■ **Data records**
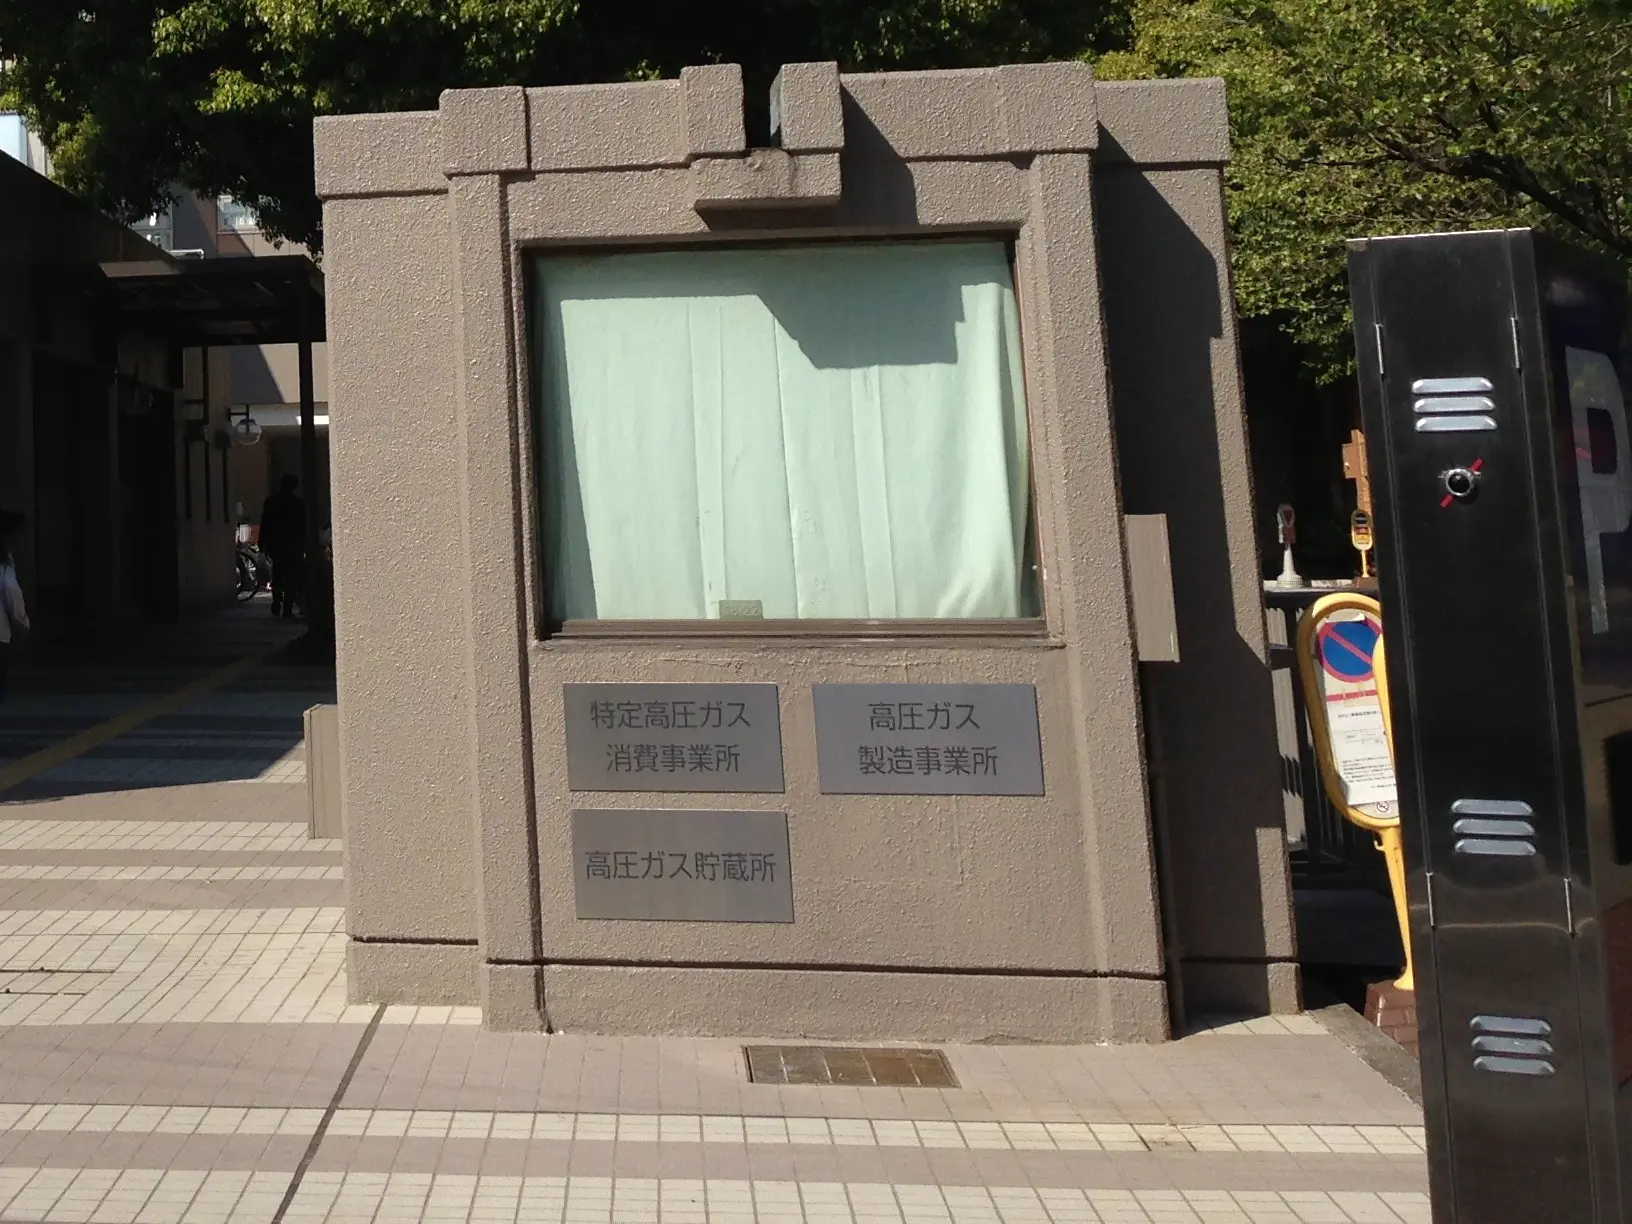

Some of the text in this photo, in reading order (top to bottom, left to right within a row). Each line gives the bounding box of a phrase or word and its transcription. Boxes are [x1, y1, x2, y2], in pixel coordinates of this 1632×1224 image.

[590, 699, 752, 730] 特定高圧ガス
[868, 701, 981, 731] 高圧ガス
[606, 743, 741, 773] 消費事業所
[858, 745, 999, 776] 製造事業所
[584, 849, 777, 882] 高圧ガス貯蔵所
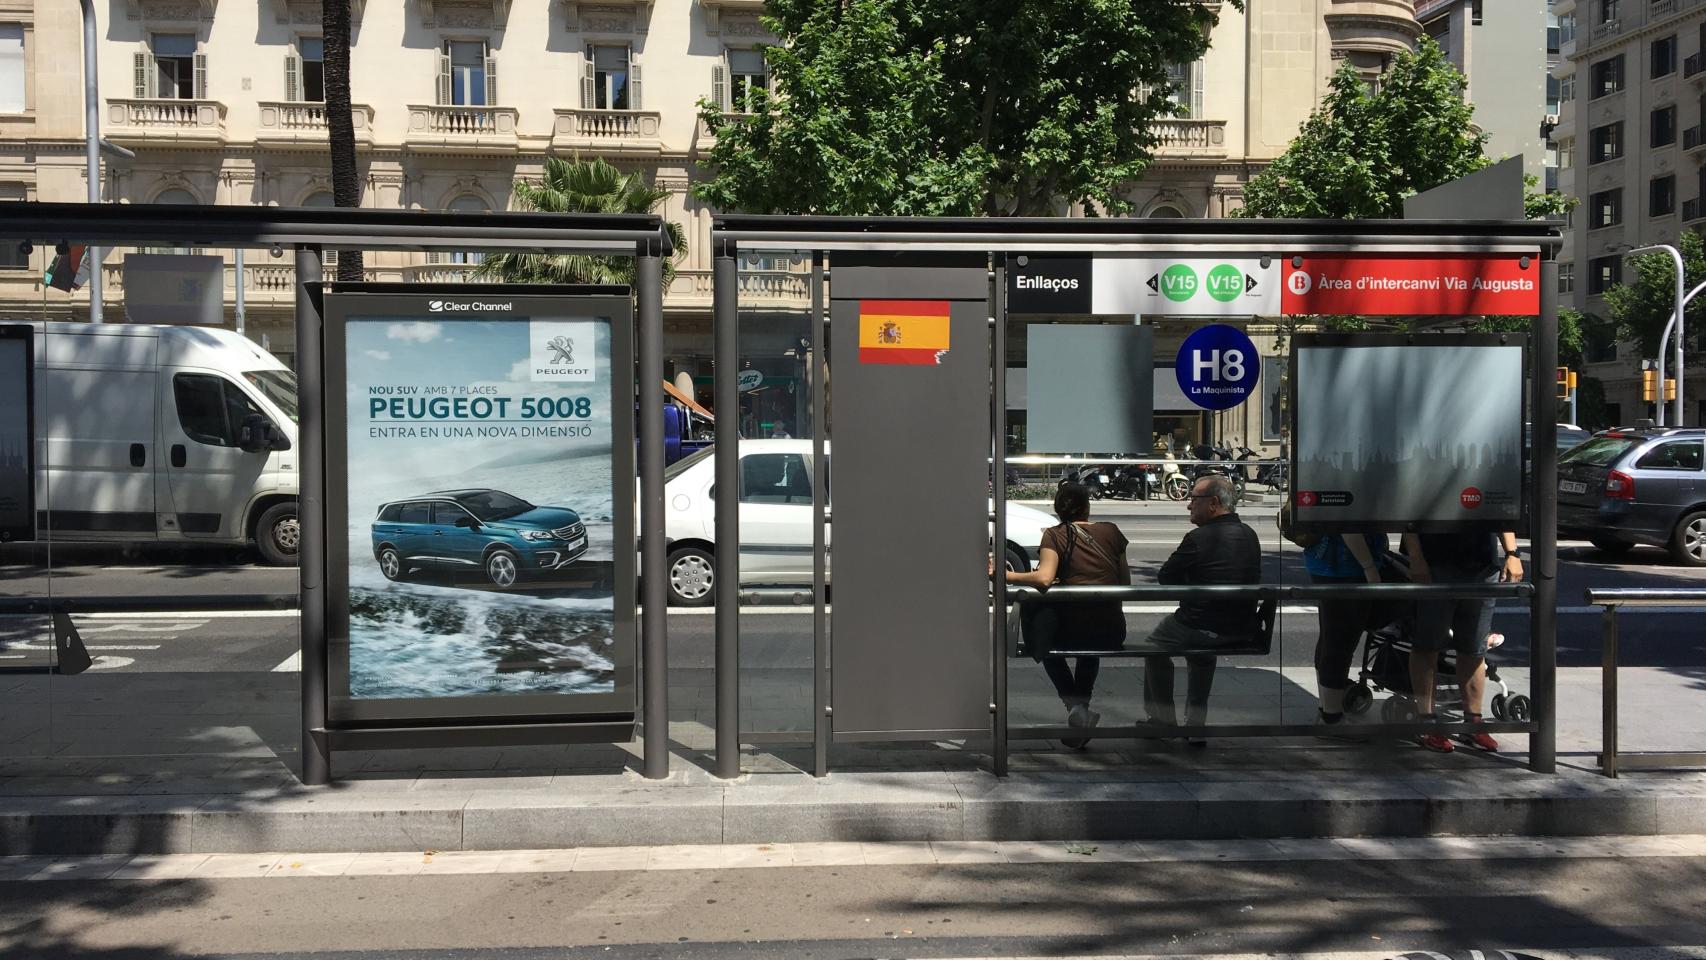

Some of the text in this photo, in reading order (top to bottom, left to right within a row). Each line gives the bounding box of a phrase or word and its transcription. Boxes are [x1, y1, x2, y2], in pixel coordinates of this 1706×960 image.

[1016, 275, 1079, 292] Enllaços
[1164, 275, 1195, 290] V15
[1209, 275, 1241, 290] V15
[1318, 273, 1353, 291] Àrea
[1444, 276, 1467, 291] Via
[1472, 276, 1534, 294] Augusta
[444, 301, 512, 311] Clear Channel
[1192, 349, 1246, 382] H8
[369, 386, 498, 395] NOU SUV AMB 7 PLACES
[1191, 386, 1245, 395] La Maquinista
[369, 397, 592, 419] PEUGEOT 5008
[369, 423, 592, 438] ENTRA EN UNA NOVA DIMENSIÓ

■ **EXERCISE GOAL**
Without including any pictures, output all the entries above exactly.

■ **WRITTEN RESPONSE**
Some of the text in this photo, in reading order (top to bottom, left to right within a row). Each line gives the bounding box of a phrase or word and its transcription. Boxes are [x1, y1, x2, y2], in pixel coordinates of this 1632×1224 image.

[590, 699, 752, 730] 特定高圧ガス
[868, 701, 981, 731] 高圧ガス
[606, 743, 741, 773] 消費事業所
[858, 745, 999, 776] 製造事業所
[584, 849, 777, 882] 高圧ガス貯蔵所

Some of the text in this photo, in reading order (top to bottom, left to right within a row). Each line gives the bounding box of a phrase or word and its transcription. Boxes are [x1, y1, x2, y2], in pixel coordinates of this 1706×960 image.

[1016, 275, 1079, 292] Enllaços
[1164, 275, 1195, 290] V15
[1209, 275, 1241, 290] V15
[1318, 273, 1353, 291] Àrea
[1444, 276, 1467, 291] Via
[1472, 276, 1534, 294] Augusta
[444, 301, 512, 311] Clear Channel
[1192, 349, 1246, 382] H8
[369, 386, 498, 395] NOU SUV AMB 7 PLACES
[1191, 386, 1245, 395] La Maquinista
[369, 397, 592, 419] PEUGEOT 5008
[369, 423, 592, 438] ENTRA EN UNA NOVA DIMENSIÓ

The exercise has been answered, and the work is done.